The FCC gave the go-ahead to turning off the output for 90 days, or until a film became available on DVD.

It said it agreed to the request because it didn’t see any likelihood studios would ever offer the movies otherwise. It said it would review the results of its move in two years.

“We are convinced that MPAA member companies will not make any substantial changes to the release window in the absence of adequate protection of high-value content, and that consumers will thus not enjoy the benefits of this service absent a waiver,” the commission said.

It made one other addition. While MPAA sought the change on behalf of its six studios, it decided independents and other studios will get the same opportunity.

“We see no public interest justification for limiting the waiver to MPAA member companies and their

partners,” the agency said.

The MPAA in a statement praised the decision.

“This action is an important victory for consumers who will now have far greater access to see recent high-definition movies in their homes,” said Bob Pisano, the MPAA’s president and interim CEO.
“And it is a major step forward in the development of new business models by the motion picture industry to respond to growing consumer demand.”
For now, with the ruling posing only an indirect threat to their well-guarded release windows, the movie exhibition community seems to be reserving judgment, with its representative body, the National Association of Theater Owners releasing only a brief, rather vague statement Friday.

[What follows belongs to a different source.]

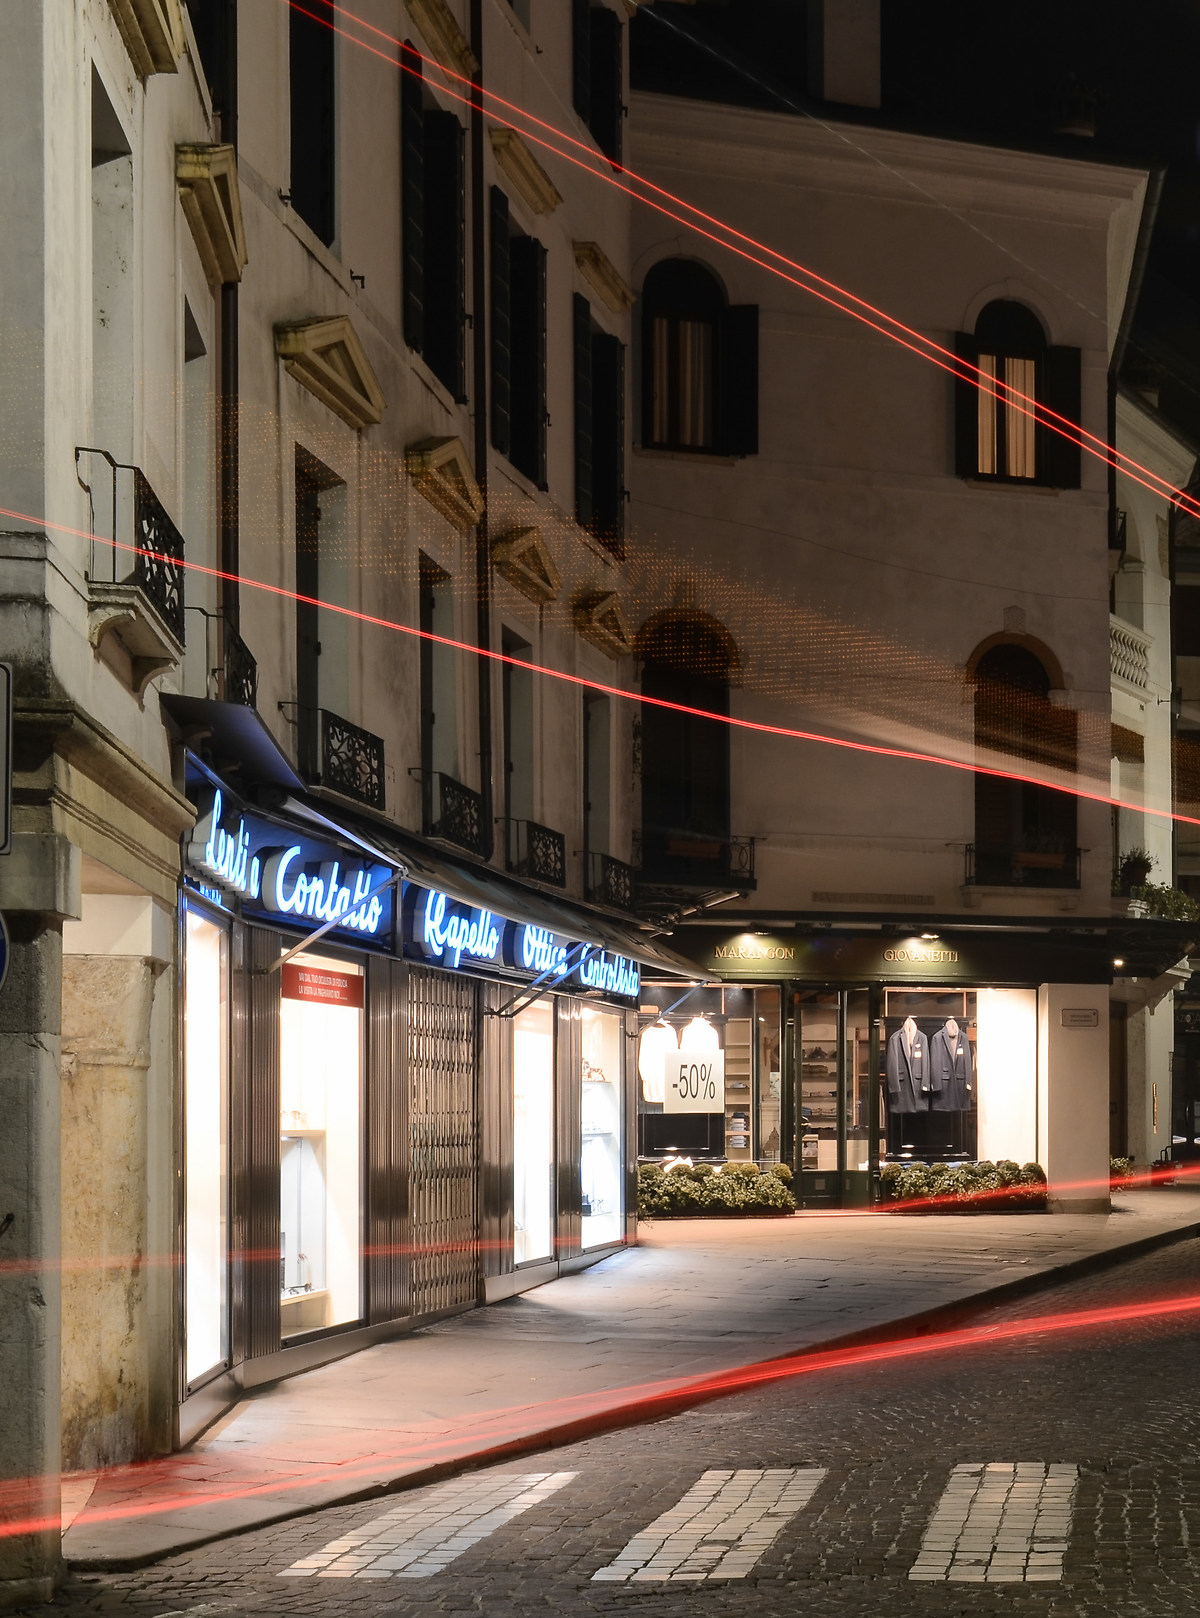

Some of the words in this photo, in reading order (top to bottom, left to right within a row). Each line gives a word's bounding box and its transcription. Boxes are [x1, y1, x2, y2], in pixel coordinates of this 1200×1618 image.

"The FCC’s decision is not surprising," the trade group said. "Movie theft is a serious problem. The issue of the theatrical release window, however, will be decided in the marketplace."

Consumer group Public Knowledge complained that the consumers, not the MPAA, should decide how to set up their TV and warned the MPAA’s request could wreak havoc, making it difficult for many consumers to see the films on their home TV setup.
It also warned that the restriction was open-ended and impact consumers’ ability to ever view films that don’t go to DVD quickly or at all.